The determination function 547 starts scanning the target organ when it receives an electrical signal output from the input interface 43 indicating an instruction to start the main scan instead of or in addition to the case where the concentration of the contrast material is equal to or higher than the threshold value. It's okay. In this case, the display control function 548A causes the display 42 to display an image in which the interior CT image is superimposed on the axial image (hereinafter referred to as a superimposed image). The user visually estimates the concentration of the contrast material in the target organ by looking at the superimposed image displayed on the display 42, and when the user determines that the concentration of the contrast material is the concentration required for imaging, the user issues an instruction to start the main scan. The input operation may be performed using the input interface 43. The determination function 547 may start the main scan when determining that the X-ray absorption amount of the ROI is equal to or greater than a threshold value based on the X-ray absorption amount of the ROI instead of the concentration of the contrast material.

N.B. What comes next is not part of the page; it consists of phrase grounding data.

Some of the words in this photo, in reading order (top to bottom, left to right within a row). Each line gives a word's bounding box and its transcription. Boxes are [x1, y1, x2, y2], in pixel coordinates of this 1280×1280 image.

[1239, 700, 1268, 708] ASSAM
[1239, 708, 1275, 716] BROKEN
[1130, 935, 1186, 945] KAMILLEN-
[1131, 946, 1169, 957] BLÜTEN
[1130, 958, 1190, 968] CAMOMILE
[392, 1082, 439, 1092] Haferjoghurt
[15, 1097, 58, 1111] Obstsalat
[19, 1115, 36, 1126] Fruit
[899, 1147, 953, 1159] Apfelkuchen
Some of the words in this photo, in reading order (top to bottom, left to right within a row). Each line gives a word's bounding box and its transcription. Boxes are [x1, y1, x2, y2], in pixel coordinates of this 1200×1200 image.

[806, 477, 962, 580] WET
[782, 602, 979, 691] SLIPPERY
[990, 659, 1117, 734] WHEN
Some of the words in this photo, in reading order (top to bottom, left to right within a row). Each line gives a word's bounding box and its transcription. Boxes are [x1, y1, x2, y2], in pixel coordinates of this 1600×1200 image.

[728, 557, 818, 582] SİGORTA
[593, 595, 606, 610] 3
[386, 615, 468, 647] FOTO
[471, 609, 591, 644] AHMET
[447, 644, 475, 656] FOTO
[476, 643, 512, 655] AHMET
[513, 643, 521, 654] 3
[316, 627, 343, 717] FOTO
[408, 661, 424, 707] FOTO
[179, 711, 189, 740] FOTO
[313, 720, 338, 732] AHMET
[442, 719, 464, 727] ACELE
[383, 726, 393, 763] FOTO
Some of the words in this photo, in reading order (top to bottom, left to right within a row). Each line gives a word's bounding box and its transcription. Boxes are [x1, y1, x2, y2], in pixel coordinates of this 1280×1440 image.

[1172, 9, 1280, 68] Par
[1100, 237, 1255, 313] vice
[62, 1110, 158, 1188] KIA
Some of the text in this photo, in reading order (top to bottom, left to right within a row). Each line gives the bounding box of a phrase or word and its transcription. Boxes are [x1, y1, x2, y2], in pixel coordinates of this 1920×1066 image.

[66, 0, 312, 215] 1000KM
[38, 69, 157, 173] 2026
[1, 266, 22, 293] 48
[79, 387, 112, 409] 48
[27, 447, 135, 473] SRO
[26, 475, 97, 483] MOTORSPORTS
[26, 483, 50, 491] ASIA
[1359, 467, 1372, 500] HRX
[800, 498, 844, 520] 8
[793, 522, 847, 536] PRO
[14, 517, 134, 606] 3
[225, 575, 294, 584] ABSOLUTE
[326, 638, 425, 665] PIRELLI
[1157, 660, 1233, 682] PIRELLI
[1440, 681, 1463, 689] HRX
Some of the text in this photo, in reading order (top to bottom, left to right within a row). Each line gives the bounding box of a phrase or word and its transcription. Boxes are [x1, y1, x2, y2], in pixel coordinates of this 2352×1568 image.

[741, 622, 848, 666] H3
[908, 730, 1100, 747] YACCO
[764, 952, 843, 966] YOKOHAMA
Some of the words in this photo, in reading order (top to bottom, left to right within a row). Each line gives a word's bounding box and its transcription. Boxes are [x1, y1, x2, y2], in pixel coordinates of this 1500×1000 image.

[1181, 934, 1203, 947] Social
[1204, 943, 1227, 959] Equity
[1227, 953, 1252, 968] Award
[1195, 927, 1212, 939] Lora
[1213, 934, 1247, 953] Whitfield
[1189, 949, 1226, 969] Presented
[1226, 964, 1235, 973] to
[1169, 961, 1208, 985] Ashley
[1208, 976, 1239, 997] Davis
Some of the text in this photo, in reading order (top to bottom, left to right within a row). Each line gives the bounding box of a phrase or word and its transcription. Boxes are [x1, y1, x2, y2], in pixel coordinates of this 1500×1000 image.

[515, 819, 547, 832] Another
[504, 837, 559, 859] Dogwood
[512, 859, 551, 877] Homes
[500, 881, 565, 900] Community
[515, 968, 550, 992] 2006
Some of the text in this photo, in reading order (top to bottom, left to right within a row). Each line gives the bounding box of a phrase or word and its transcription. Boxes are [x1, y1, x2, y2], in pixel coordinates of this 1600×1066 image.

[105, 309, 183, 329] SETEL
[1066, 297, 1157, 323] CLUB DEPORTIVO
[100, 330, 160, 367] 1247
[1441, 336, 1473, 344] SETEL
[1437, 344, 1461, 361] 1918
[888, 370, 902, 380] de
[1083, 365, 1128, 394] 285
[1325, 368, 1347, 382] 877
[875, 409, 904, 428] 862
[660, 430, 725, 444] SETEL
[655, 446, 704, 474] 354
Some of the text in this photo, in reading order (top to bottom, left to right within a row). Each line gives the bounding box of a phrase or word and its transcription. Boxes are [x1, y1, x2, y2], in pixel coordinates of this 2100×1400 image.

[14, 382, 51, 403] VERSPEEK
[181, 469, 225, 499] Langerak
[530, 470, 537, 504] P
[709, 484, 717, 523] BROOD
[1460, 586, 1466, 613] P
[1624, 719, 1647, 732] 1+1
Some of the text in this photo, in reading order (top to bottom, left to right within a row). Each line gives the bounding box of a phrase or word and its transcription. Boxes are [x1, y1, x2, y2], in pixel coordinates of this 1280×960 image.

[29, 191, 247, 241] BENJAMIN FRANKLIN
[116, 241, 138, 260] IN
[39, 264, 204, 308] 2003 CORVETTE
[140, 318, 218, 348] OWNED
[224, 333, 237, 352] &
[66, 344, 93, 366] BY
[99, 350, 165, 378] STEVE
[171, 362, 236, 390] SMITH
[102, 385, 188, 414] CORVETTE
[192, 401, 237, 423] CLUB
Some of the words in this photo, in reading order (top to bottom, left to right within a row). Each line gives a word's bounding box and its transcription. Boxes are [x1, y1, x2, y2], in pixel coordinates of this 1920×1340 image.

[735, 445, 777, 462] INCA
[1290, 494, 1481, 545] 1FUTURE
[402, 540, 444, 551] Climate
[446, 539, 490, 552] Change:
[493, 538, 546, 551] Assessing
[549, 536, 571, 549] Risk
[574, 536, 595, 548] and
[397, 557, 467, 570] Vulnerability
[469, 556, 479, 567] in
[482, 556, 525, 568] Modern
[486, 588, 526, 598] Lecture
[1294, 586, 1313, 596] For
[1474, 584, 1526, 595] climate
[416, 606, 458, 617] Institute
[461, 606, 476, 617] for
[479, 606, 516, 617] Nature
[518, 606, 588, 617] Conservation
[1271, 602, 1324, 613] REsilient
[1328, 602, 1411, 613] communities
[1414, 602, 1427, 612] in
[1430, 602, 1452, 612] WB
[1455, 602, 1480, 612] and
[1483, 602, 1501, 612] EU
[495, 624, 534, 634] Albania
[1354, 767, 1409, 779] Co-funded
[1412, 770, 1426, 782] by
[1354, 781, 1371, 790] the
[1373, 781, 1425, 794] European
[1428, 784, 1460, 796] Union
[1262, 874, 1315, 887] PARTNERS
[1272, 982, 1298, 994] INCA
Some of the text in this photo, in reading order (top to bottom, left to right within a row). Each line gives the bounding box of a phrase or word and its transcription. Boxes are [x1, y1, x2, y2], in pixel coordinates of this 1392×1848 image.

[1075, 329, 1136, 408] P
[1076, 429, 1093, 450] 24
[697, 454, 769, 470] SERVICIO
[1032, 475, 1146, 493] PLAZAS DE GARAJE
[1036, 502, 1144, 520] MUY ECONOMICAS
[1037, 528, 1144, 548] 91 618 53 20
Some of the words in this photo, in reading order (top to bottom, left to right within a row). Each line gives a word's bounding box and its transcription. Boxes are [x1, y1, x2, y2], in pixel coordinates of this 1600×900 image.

A display control function 548A in the presentation function 548 performs display control to display a CT image based on CT image data on the display 42. For example, the display control function 548A causes the display 42 to display an axial image based on the axial image data acquired by the first acquisition function 541. The display control function 548A causes the display 42 to display, for example, a superimposed image in which the interior CT image acquired by the second acquisition function 546 is superimposed on the axial image.

For example, when displaying the concentration of the contrast material, the display control function 548A displays the change in the concentration of the contrast material over time numerically or in a graph on the display 42. The display control function 548A further causes the display 42 to display various images (photographed images, positioning images, input operation results received by the input interface 43, etc.). The display control function 548A is an example of a display control section.

When interior CT image data is acquired by the second acquisition function 546, the audio output function 548B outputs information regarding the inflow state of the contrast substance, such as the name of the contrast substance to be displayed on the display 42. The output is output to a speaker (not shown). The audio output function 548B is an example of an audio output unit. The presentation function 548 may present information regarding the inflow state of the contrast material as information other than an image displayed on the display 42 or audio outputted from the speaker. The presentation function 548 is an example of a presentation section.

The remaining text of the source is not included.